It doesn’t take much Effort to Create Trust, just as it doesn’t require much Effort to Destroy it

Judith M. Bardwick, Ph.D.

 

Feelings of Trust and Mistrust are human responses and, as such, they are universal. Every institution and individual bears the responsibility for the choice of whether the path they choose leads to the anarchy of Mistrust or the renaissance of Trust.  Almost as important is the need for leaders to understand that Trust is not the trivial “being nice.” Rather it is the foundation that holds things together and enables a more positive tomorrow.

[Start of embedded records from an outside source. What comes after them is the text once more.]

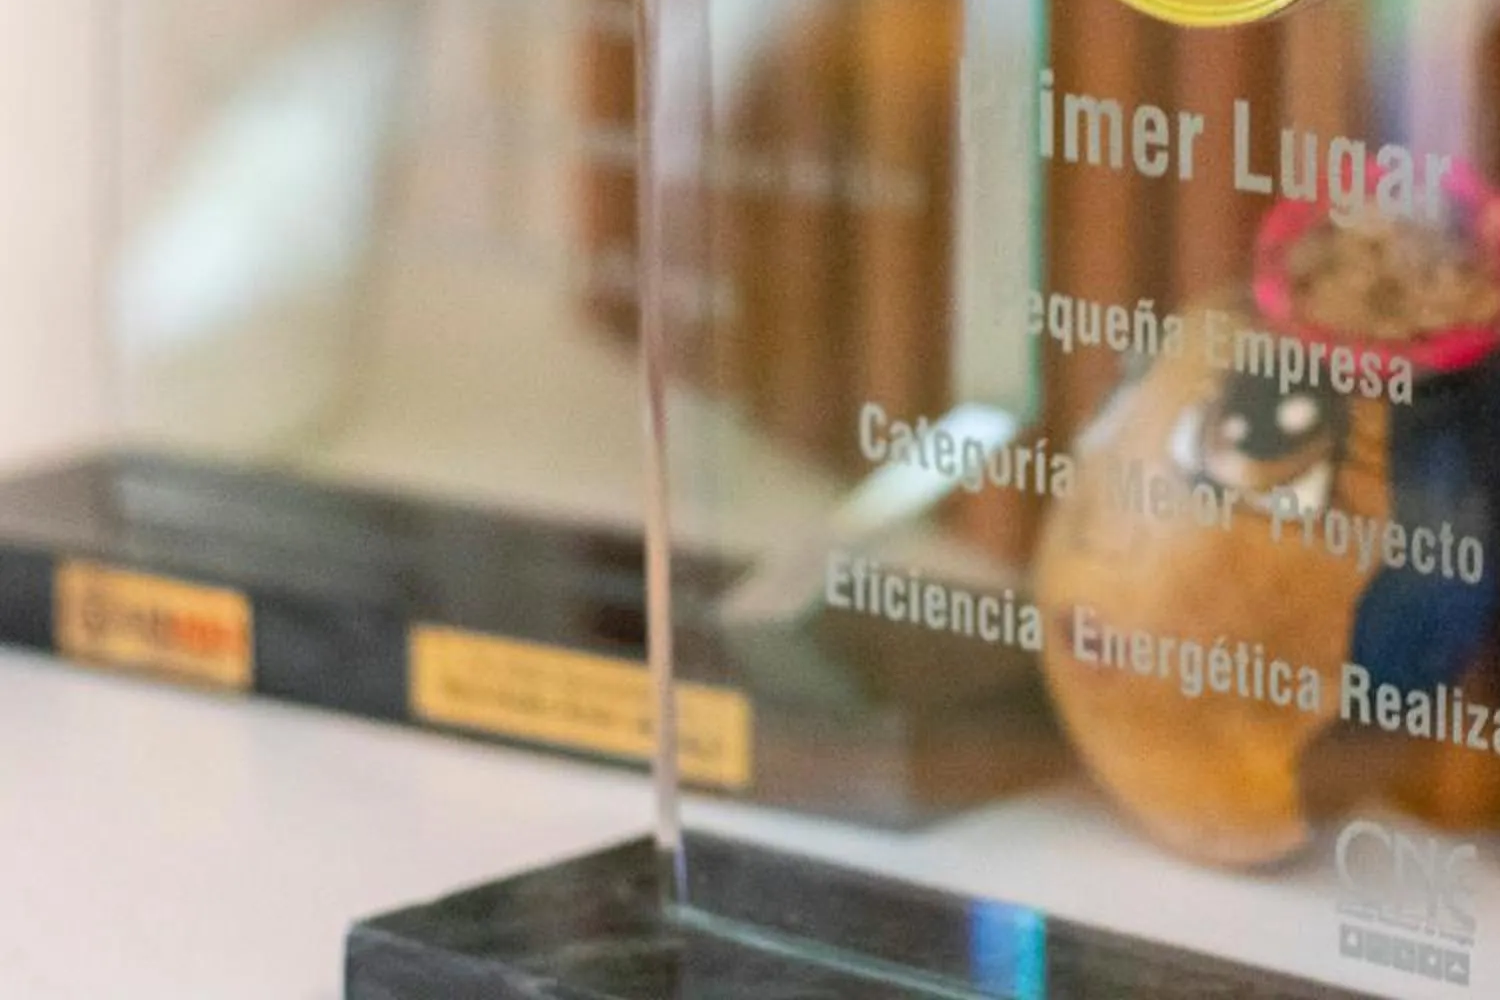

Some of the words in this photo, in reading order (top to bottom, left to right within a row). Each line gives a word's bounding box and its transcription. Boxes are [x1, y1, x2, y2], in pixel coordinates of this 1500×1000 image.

[1233, 98, 1452, 227] Lugar
[1026, 289, 1184, 359] equeña
[1203, 308, 1414, 404] Empresa
[858, 401, 1076, 500] Categoría
[1269, 486, 1485, 586] Proyecto
[825, 551, 1044, 652] Eficiencia
[1073, 605, 1321, 714] Energética
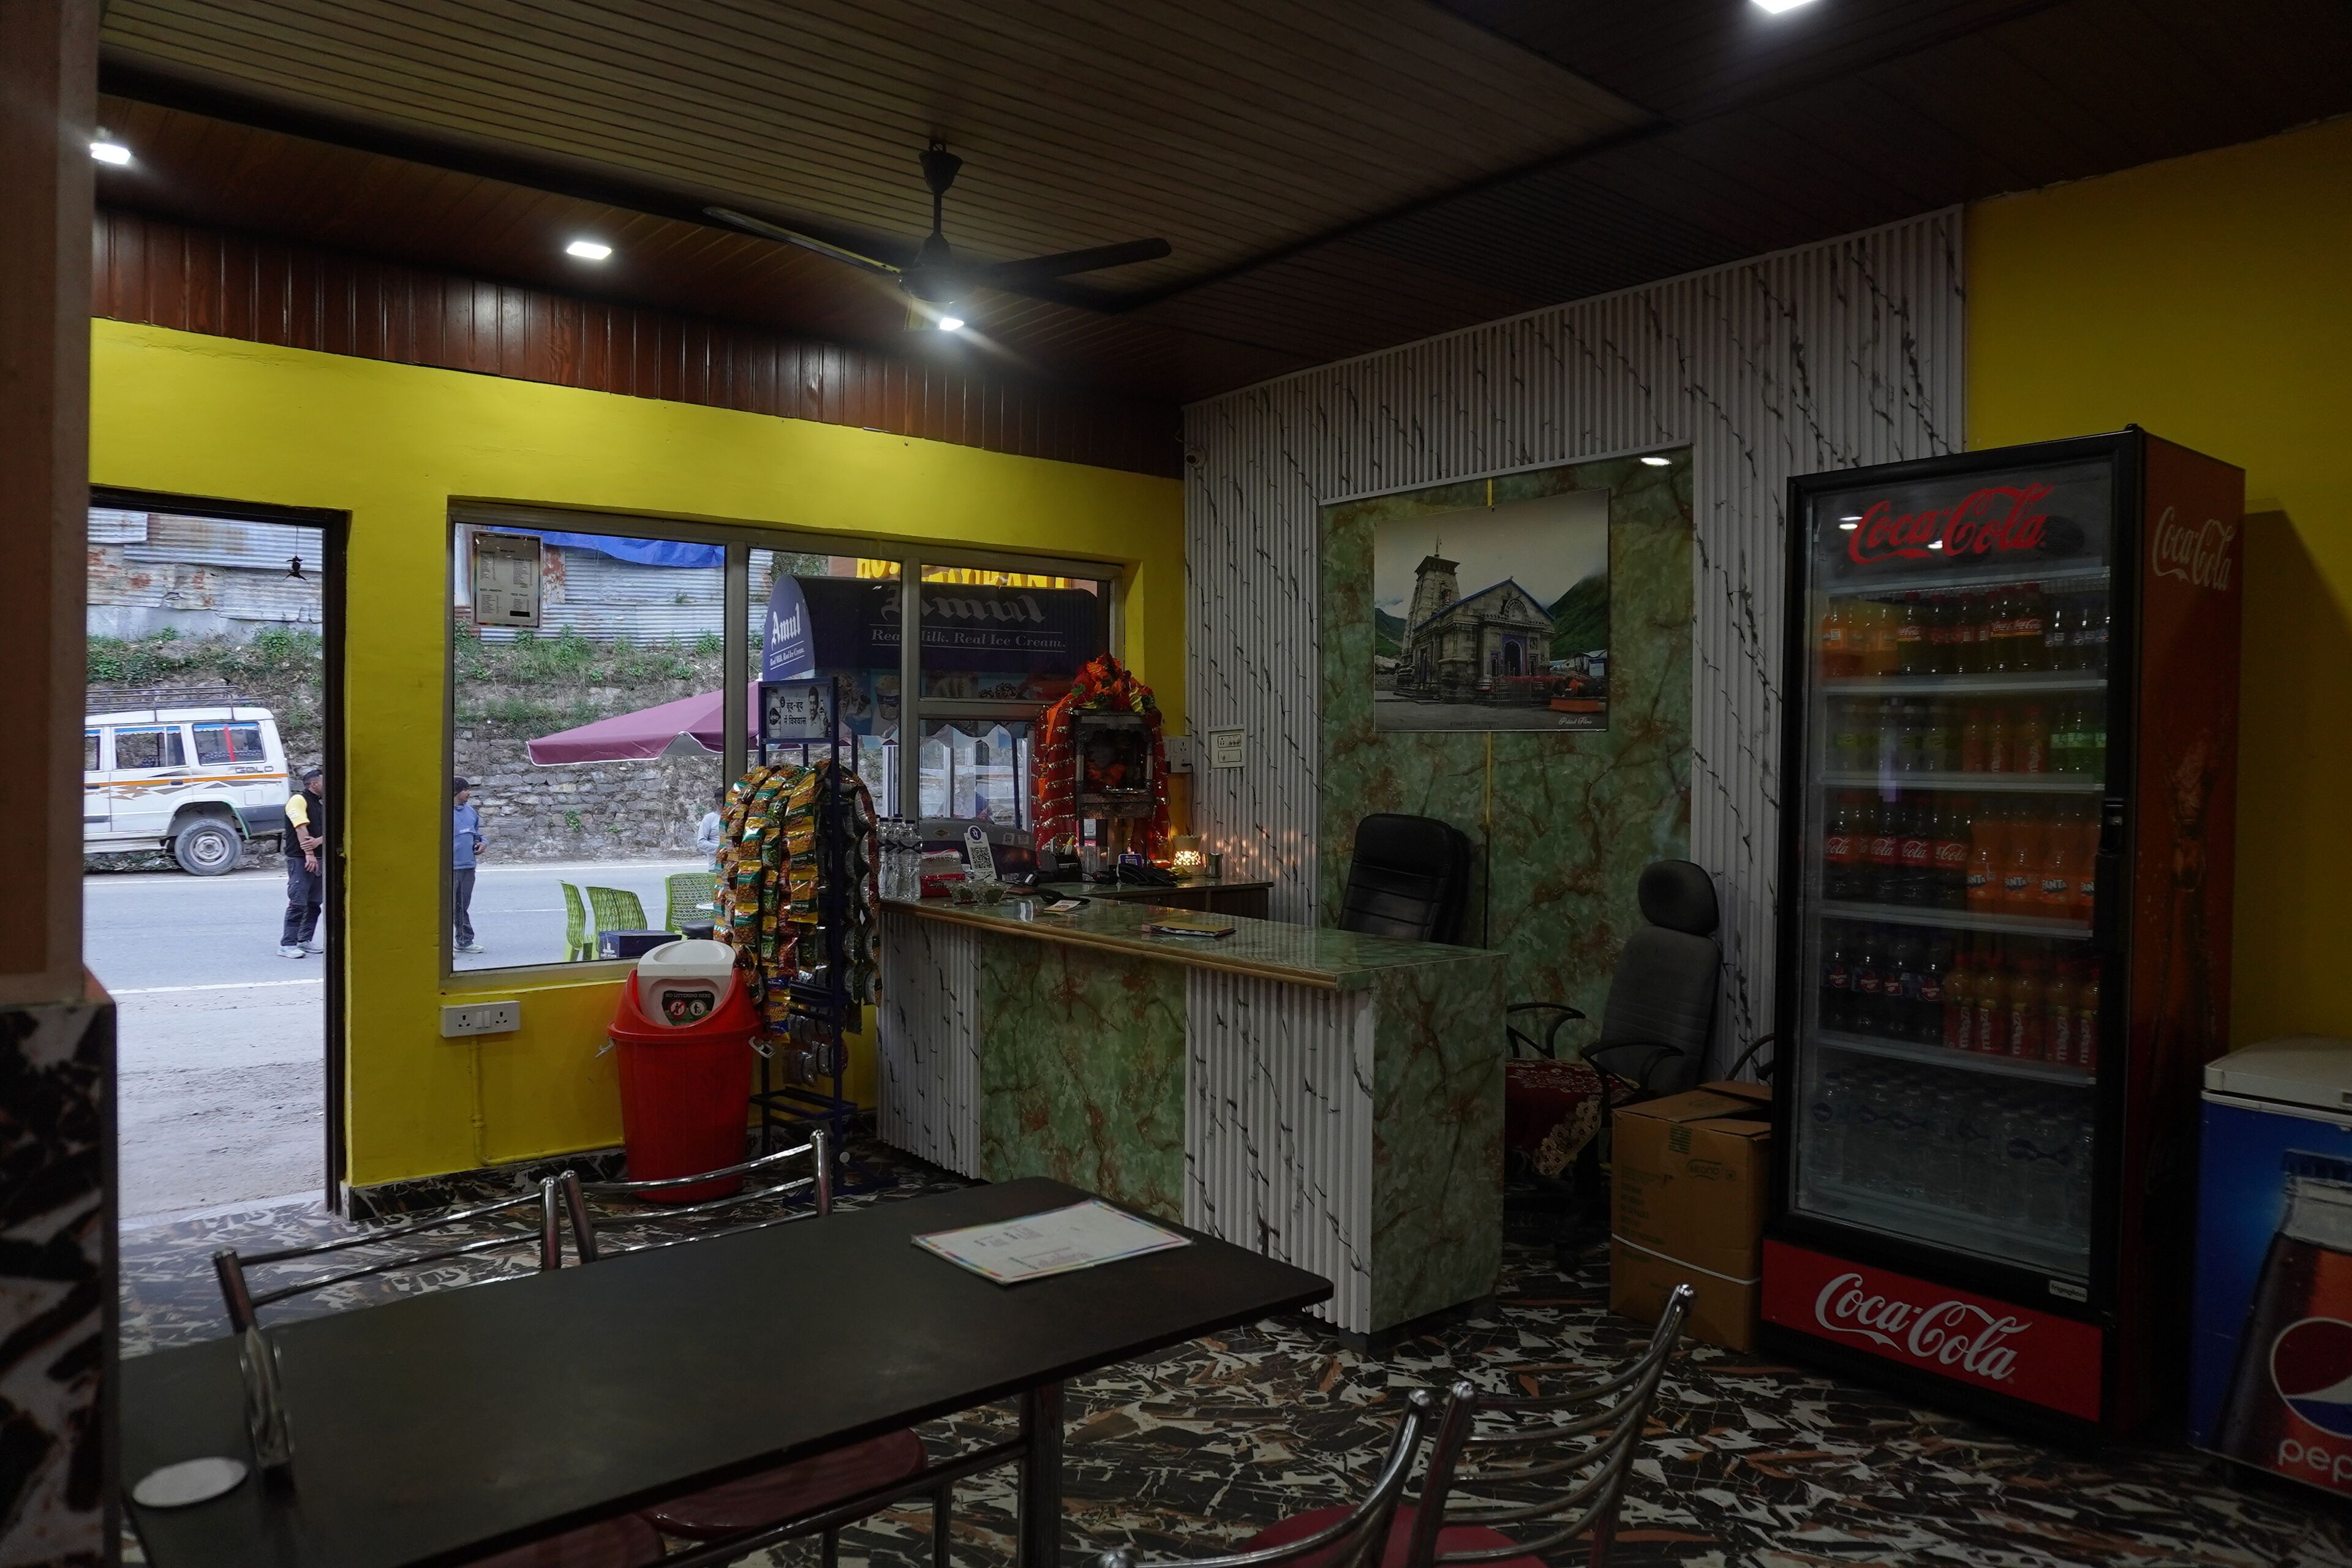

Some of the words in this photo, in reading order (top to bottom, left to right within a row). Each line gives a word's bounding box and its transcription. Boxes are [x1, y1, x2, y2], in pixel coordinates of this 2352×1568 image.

[1849, 482, 2056, 565] Coca-Cola
[2152, 505, 2236, 592] Coca-Cola
[771, 602, 801, 651] Amul
[872, 630, 901, 641] Rea
[953, 631, 986, 645] Real
[989, 633, 1011, 646] Ice
[1015, 635, 1066, 648] Cream.
[1814, 1273, 2034, 1382] Coca-Cola

Today’s headlines of the extraordinary events happening around the world vividly demonstrate the critical importance of Trust:  Trust between governments and their people, between institutions and their members, between corporations and their employees and between individuals.

The turbulence in the Middle East has made it dramatically clear that we can identify a common denominator of Mistrust underlying the events and phenomena – events that some people mistakenly characterize as totally unexpected and inexplicable.

The same headlines force us to see that Mistrust is an explosive catalyst and Trust is not simply a relatively benign virtue. The most fundamental priority of leadership and friendship is to achieve and maintain Trust and the most profound threat to any culture is a climate of Mistrust.

In any circumstance or situation and in any relationship where people are paralyzed by fear, any intuitive observer knows that the people are exhausted by their defeats and can no longer generate energy as a sense of caring to make things better.

Whether in the world of business, politics or in the universe of our personal relationships, it doesn’t take much effort to create Trust just as it doesn’t require much effort to destroy it.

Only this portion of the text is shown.